Knowledge of only one parameter (corner sizes) is not enough for finding of the area of a triangle. If there are any additional sizes, then for determination of the area it is possible to choose one of formulas in which as one of the known variables also corner size is used. Several such formulas applied are most frequent, given below.
Instruction
1. If except the corner size (γ) formed by two parties of a triangle also lengths of these parties are known (A and B), the area (S) of a figure it is possible to define how a half from the work of lengths of the known parties on a sine of this known corner: S=½×A×B×sin(γ).

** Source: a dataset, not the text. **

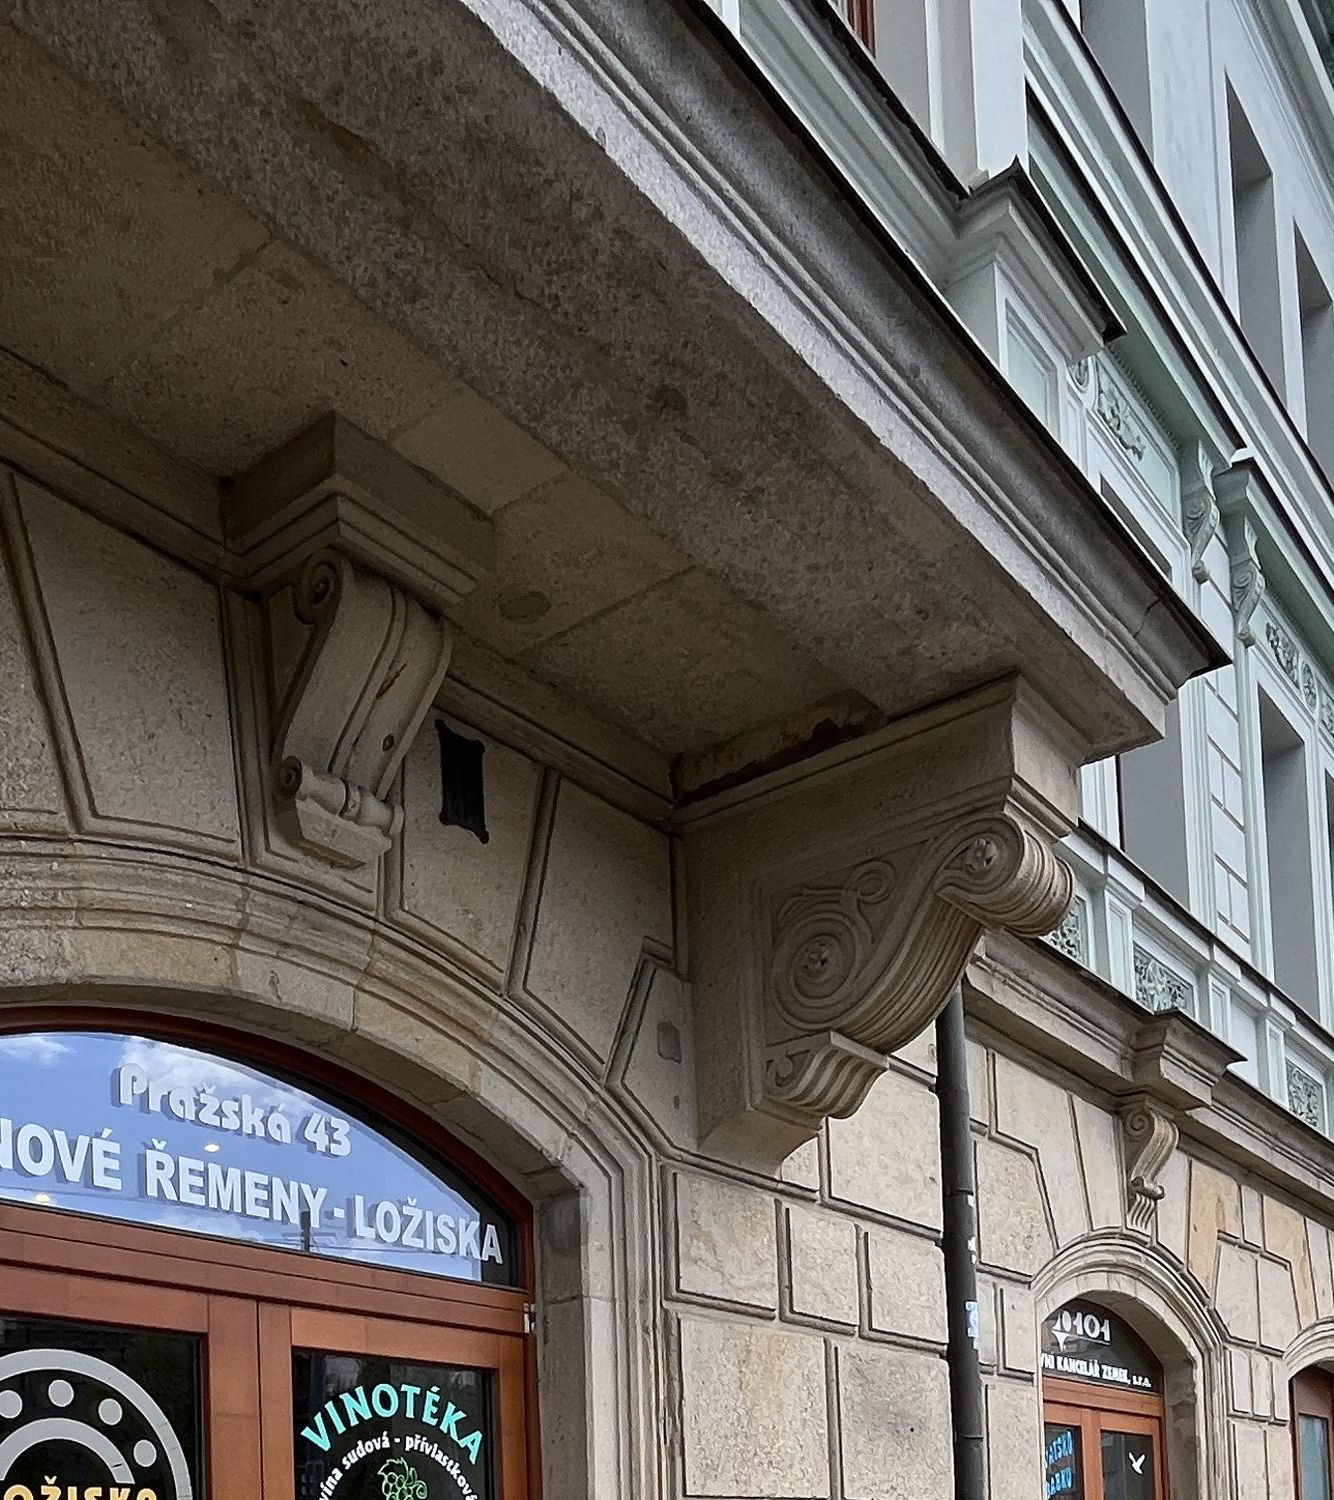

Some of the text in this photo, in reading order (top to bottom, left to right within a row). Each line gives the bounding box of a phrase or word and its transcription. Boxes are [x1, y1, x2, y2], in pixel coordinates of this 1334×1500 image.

[118, 1063, 352, 1157] Pražská 43
[300, 1383, 483, 1465] VINOTÉKA
[342, 1431, 390, 1470] sudová

2. If except the size of one corner (γ), also length of the party (A) adjoining to it and also size of the second corner (β), too adjacent to this party is known, then the area (S) of a triangle can be calculated if to find private from division of the squared length of the only known party into the doubled sum of cotangents of both known corners: S=½×A² / (ctg(γ)+ctg(β)).
3. At the same basic data when in a triangle sizes of two corners are known (γ and β) and length of the party between them (A), it is possible to calculate the area (S) of a figure and a little in a different way. For this purpose it will be required to find the work of the squared length of the known party on sine of both corners, and to divide the received result into the doubled sine of the sum of these corners: S=½×A²×sin (γ)×sin(β)/sin(γ+β).
4. If sizes of all three corners (α, β, γ) in triangle tops are known and also length at least of one of its parties (A), then it is possible to determine the area (S), having calculated fraction in which numerator there will be a work of the squared length of the known party on sine of the corners adjoining to it, and in a denominator - the doubled sine of the angle lying opposite to the known party: S=½×A²×sin (γ)×sin(β)/sin(α).
5. If sizes of all three corners are known (α, β, γ), and there are no data on lengths of the parties, but the radius (R) of the circle described near a triangle is given, then this data set will allow to calculate the area (S) of a figure too. For this purpose it is necessary to double the work of the squared radius on sine of all three corners: S=2×R²×sin (α)×sin (β)×sin(γ).